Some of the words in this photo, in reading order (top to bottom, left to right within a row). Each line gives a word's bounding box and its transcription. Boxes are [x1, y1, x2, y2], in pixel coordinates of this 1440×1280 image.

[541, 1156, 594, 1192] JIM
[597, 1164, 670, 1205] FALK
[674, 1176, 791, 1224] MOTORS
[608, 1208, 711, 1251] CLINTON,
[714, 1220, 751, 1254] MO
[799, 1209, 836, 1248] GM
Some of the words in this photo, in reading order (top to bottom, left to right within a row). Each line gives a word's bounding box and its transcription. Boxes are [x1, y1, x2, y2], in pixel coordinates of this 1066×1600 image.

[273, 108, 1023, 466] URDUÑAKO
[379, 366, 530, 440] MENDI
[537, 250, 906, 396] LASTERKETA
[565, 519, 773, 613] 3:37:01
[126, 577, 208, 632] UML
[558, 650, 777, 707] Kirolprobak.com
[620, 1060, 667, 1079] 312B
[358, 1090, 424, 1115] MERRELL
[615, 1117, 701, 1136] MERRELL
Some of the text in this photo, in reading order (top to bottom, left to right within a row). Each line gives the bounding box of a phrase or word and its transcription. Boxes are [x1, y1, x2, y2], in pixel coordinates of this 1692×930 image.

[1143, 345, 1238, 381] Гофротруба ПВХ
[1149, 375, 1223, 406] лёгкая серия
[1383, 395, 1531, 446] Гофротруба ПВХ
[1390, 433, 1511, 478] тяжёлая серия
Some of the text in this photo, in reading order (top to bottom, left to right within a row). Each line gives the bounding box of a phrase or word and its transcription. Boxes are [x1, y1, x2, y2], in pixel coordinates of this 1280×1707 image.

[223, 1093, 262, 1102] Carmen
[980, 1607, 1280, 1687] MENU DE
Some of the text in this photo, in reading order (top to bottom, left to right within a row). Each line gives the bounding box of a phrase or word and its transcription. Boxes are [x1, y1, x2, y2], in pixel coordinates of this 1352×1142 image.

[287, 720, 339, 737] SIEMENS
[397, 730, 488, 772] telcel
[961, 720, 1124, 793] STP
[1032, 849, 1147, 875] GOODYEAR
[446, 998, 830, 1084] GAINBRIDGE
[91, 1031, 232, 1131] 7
::::::::::
ASSIGNED TASK:
Print every line of the material above exactly.

SOLUTION FOR THIS EXERCISE:
Some of the words in this photo, in reading order (top to bottom, left to right within a row). Each line gives a word's bounding box and its transcription. Boxes are [x1, y1, x2, y2], in pixel coordinates of this 1440×1280 image.

[541, 1156, 594, 1192] JIM
[597, 1164, 670, 1205] FALK
[674, 1176, 791, 1224] MOTORS
[608, 1208, 711, 1251] CLINTON,
[714, 1220, 751, 1254] MO
[799, 1209, 836, 1248] GM
Some of the words in this photo, in reading order (top to bottom, left to right within a row). Each line gives a word's bounding box and its transcription. Boxes are [x1, y1, x2, y2], in pixel coordinates of this 1066×1600 image.

[273, 108, 1023, 466] URDUÑAKO
[379, 366, 530, 440] MENDI
[537, 250, 906, 396] LASTERKETA
[565, 519, 773, 613] 3:37:01
[126, 577, 208, 632] UML
[558, 650, 777, 707] Kirolprobak.com
[620, 1060, 667, 1079] 312B
[358, 1090, 424, 1115] MERRELL
[615, 1117, 701, 1136] MERRELL
Some of the text in this photo, in reading order (top to bottom, left to right within a row). Each line gives the bounding box of a phrase or word and its transcription. Boxes are [x1, y1, x2, y2], in pixel coordinates of this 1692×930 image.

[1143, 345, 1238, 381] Гофротруба ПВХ
[1149, 375, 1223, 406] лёгкая серия
[1383, 395, 1531, 446] Гофротруба ПВХ
[1390, 433, 1511, 478] тяжёлая серия
Some of the text in this photo, in reading order (top to bottom, left to right within a row). Each line gives the bounding box of a phrase or word and its transcription. Boxes are [x1, y1, x2, y2], in pixel coordinates of this 1280×1707 image.

[223, 1093, 262, 1102] Carmen
[980, 1607, 1280, 1687] MENU DE
Some of the text in this photo, in reading order (top to bottom, left to right within a row). Each line gives the bounding box of a phrase or word and its transcription. Boxes are [x1, y1, x2, y2], in pixel coordinates of this 1352×1142 image.

[287, 720, 339, 737] SIEMENS
[397, 730, 488, 772] telcel
[961, 720, 1124, 793] STP
[1032, 849, 1147, 875] GOODYEAR
[446, 998, 830, 1084] GAINBRIDGE
[91, 1031, 232, 1131] 7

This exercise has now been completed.